Cocoa powder and cacao powder is the same.
What is considered "raw" cacao is suppose to be a cocoa powder that has been in a process that never exceeded 110 degrees Fahrenheit...which is already an almost impossible scenario, since cocoa beans are grown in the Equator, and you may exceed that temperature while drying in the patio under the sun covered with black linens (to heat it up and allow the fermentation of the bean)....and yes, you need to dry them, otherwise they will rotten in a few days, and the shell will be too difficult to peel off.
Back to cocoa powder....
ALL cocoa powder comes from the cocoa bean, which without the shell is called cocoa nib (a.k.a. cacao nib). The first step is grinding of the nib (which again, when you grind something to such small particle size you will create a lot of friction with -that's right - heat!). That will give you the cocoa/cacao paste (a.k.a. cacao mass or liquor), which has about 50 to 56% fat (cocoa butter) in it...and ALL cocoa powders have to go through that stage.
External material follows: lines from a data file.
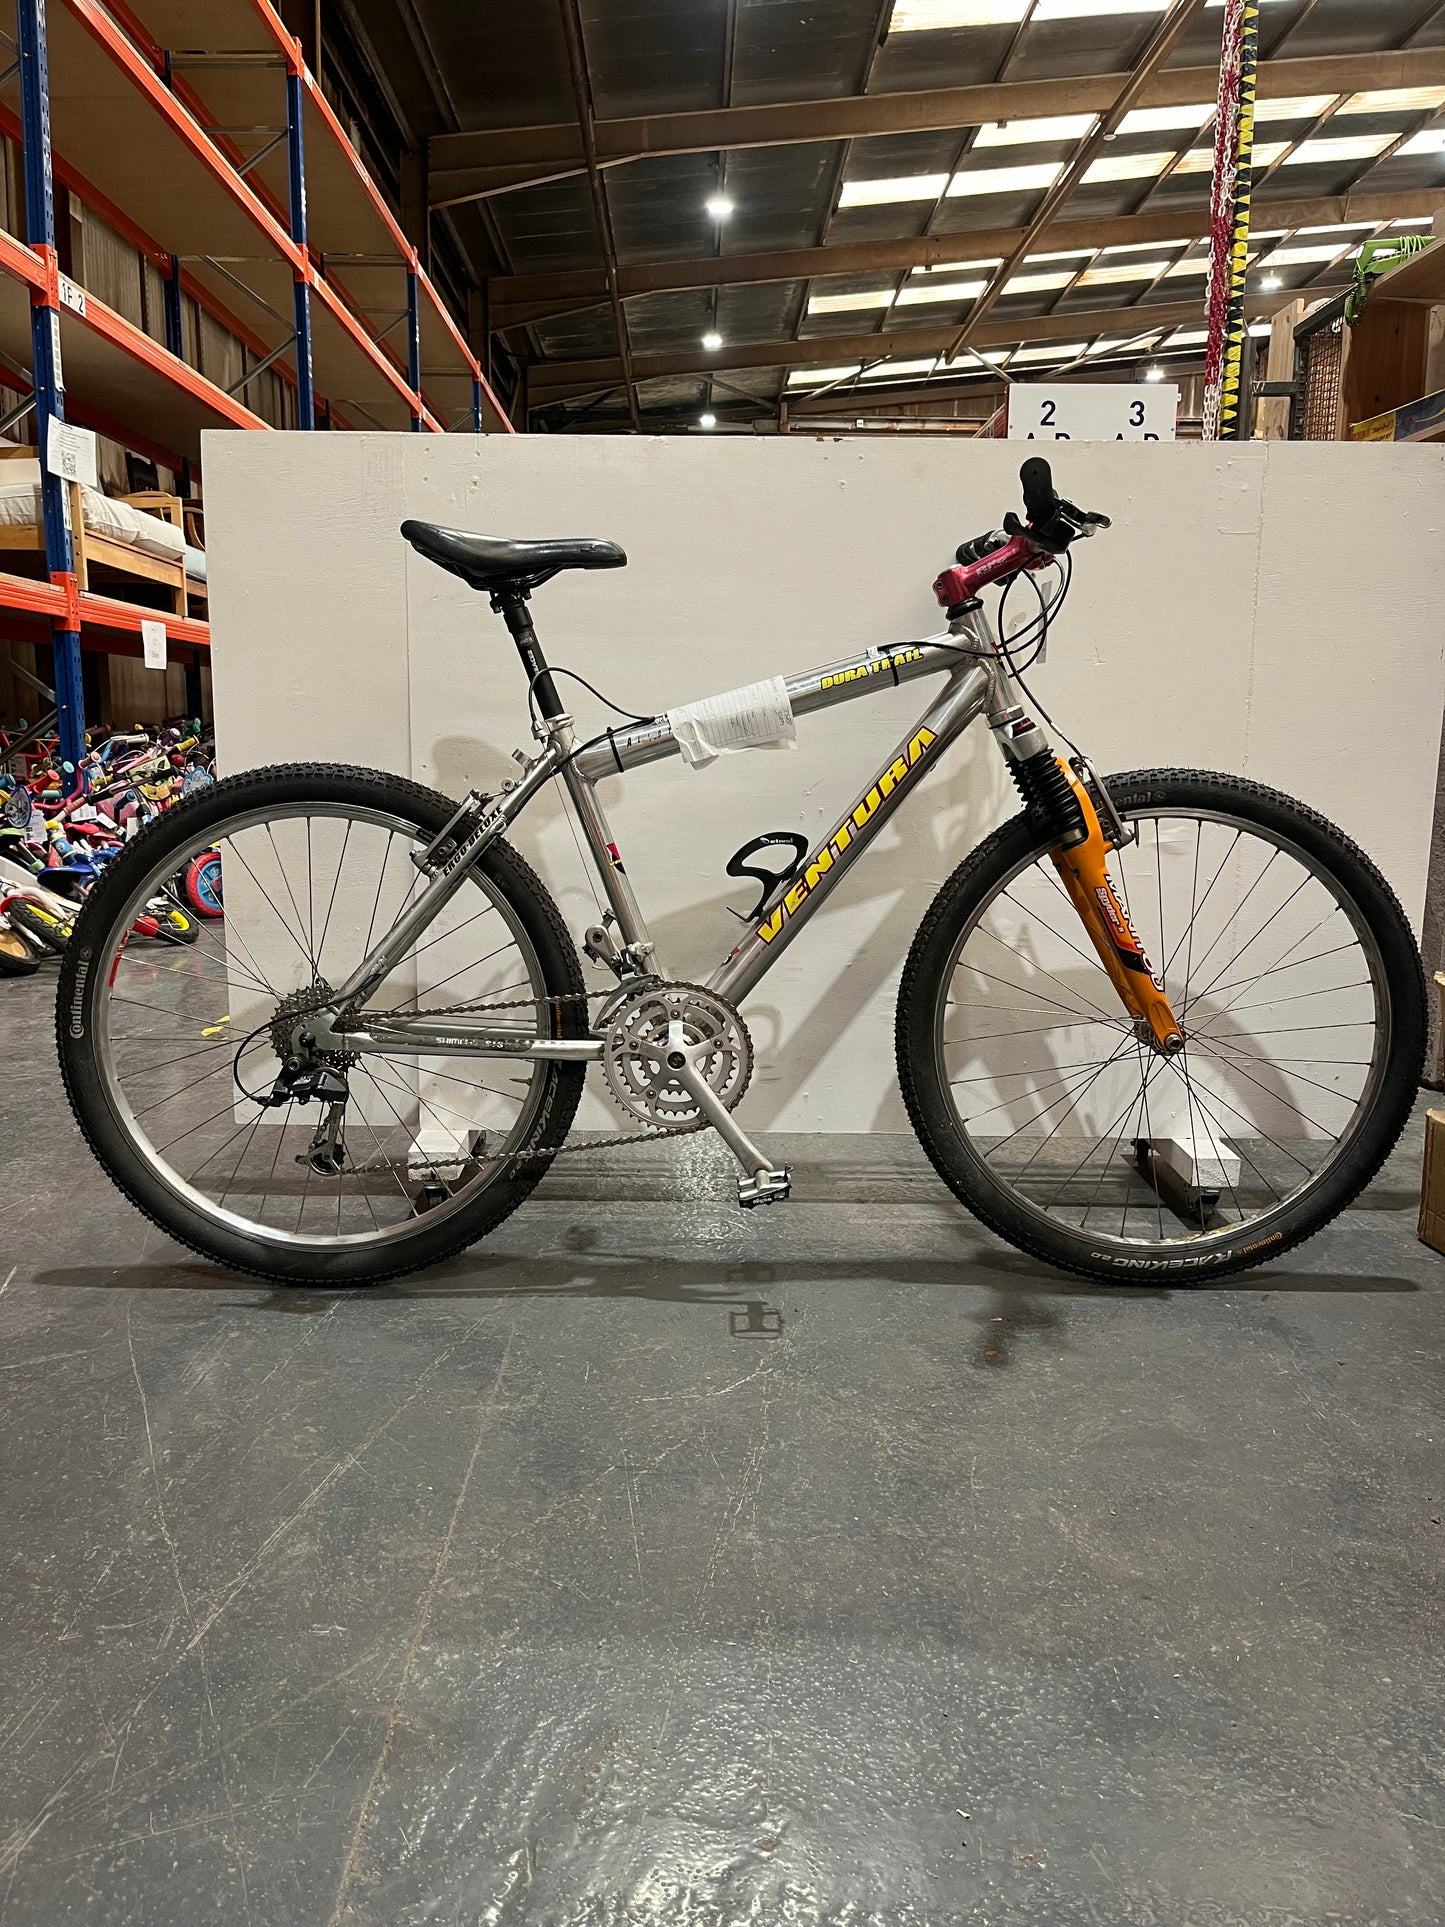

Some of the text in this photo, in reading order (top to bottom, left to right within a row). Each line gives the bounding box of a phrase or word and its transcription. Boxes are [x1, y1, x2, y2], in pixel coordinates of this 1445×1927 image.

[78, 294, 84, 314] 2
[1040, 400, 1145, 427] 2 3
[821, 666, 869, 690] DURA
[756, 725, 938, 945] VENTURA
[1095, 888, 1120, 925] Spyder
[69, 960, 90, 1039] Continental
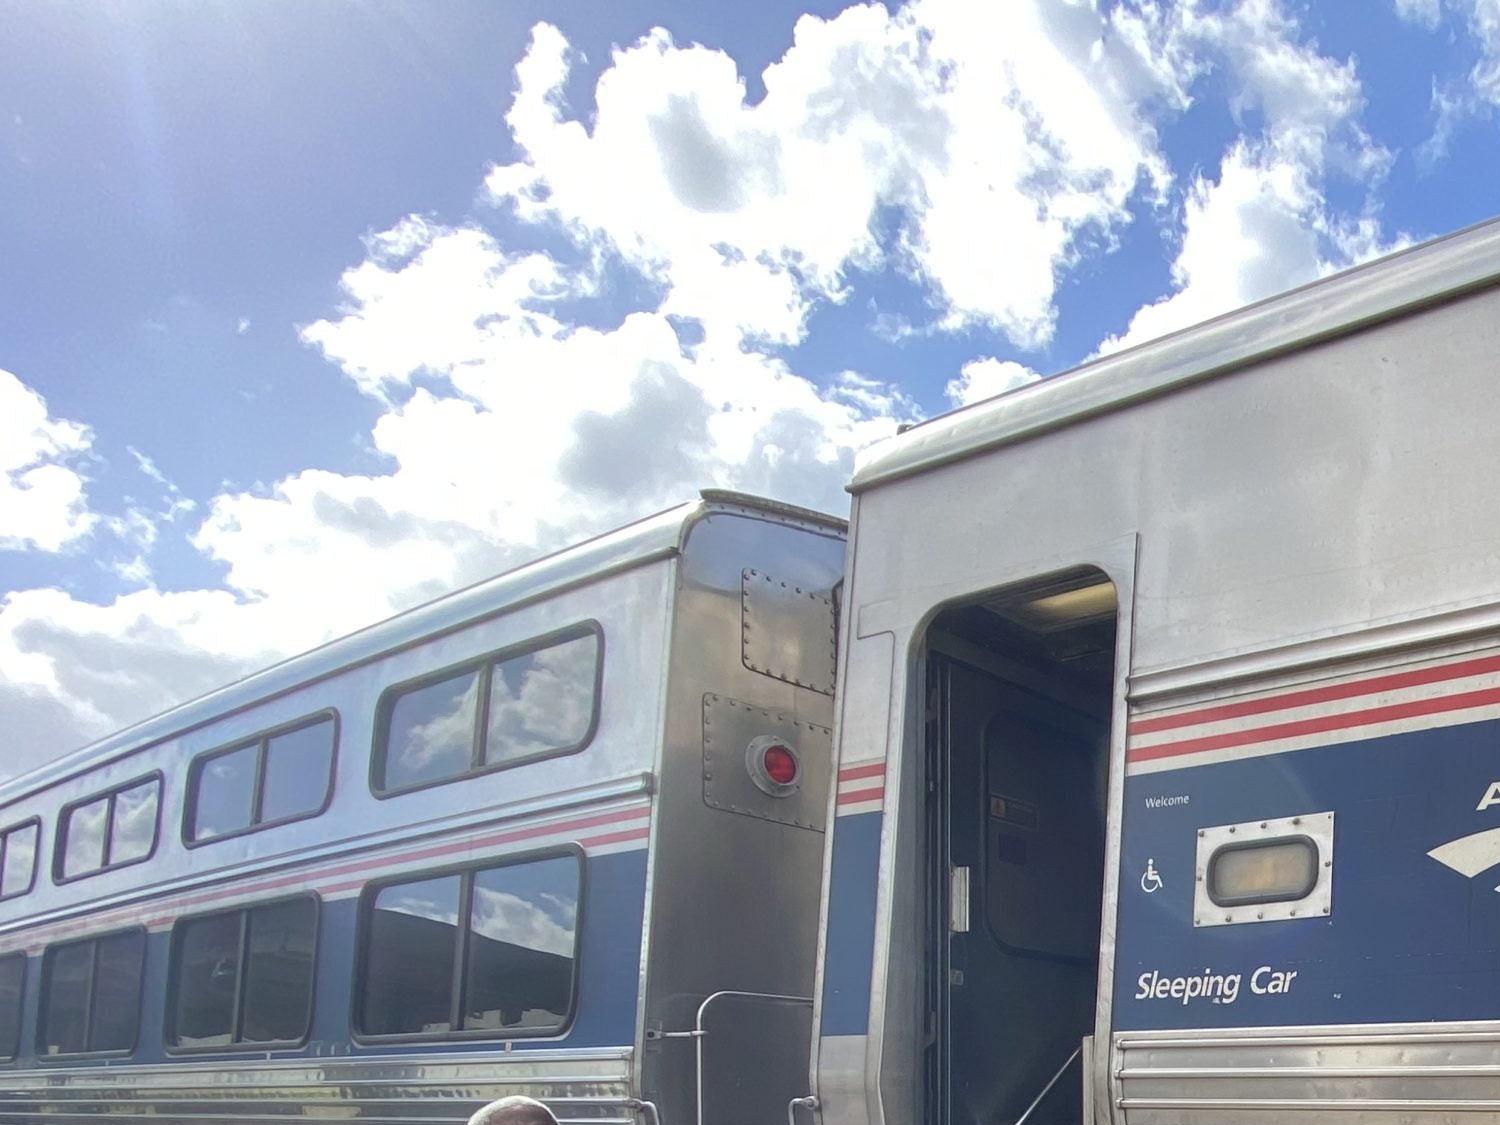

Next stage is to take some of that butter away, which the raw community claims can be done through "cold pressing". For any that don't understand that term, cold pressing is done with oils like olive oil to preserve the oil almost intact by cooling the press plates while applying pressure (pressure generates heat, therefore it needs to be cooled). But here is a reminder, olive oil is liquid in room temperature, cocoa butter is SOLID, and it STARTS melting at about 100 degrees Fahrenheit ... so, you cannot control and cool it to a point where it will be still in a solid phase, because it cannot be pressed and "flow" out.
Last operation is to grind the solids left in the press, again - heat...and there is your cocoa powder or cacao powder... you tell me if you call it "raw", a term not defined by the FDA for cocoa, and that can be used by anyone just to sell the cocoa to a much higher price. Maybe that is why bigger, more serious companies don't have this product, since they do not want to be liable for false advertising...
Regarding "Raw" cocoa nibs or cocoa beans...yes, that is possible, and the only concern is the high bacteriological plate count... but how much you want to train your immune system is up to each individual. And yes, the less manipulated the cocoa, the more polyphenols and healthy chemicals you will obtain from it.
There is also a difference between alkalized or ducthed powders, and the natural ones (which do not contain any potassium carbonate), being the second ones the ones containing more of the healthy properties (antioxidants). But that is totally different than claiming a "raw" cocoa powder.
So, that is my explanation, and again, I respect anyone's opinion on what they want to eat or how they want to consume it. I just disagree with misleading the general public just to make juicy profits.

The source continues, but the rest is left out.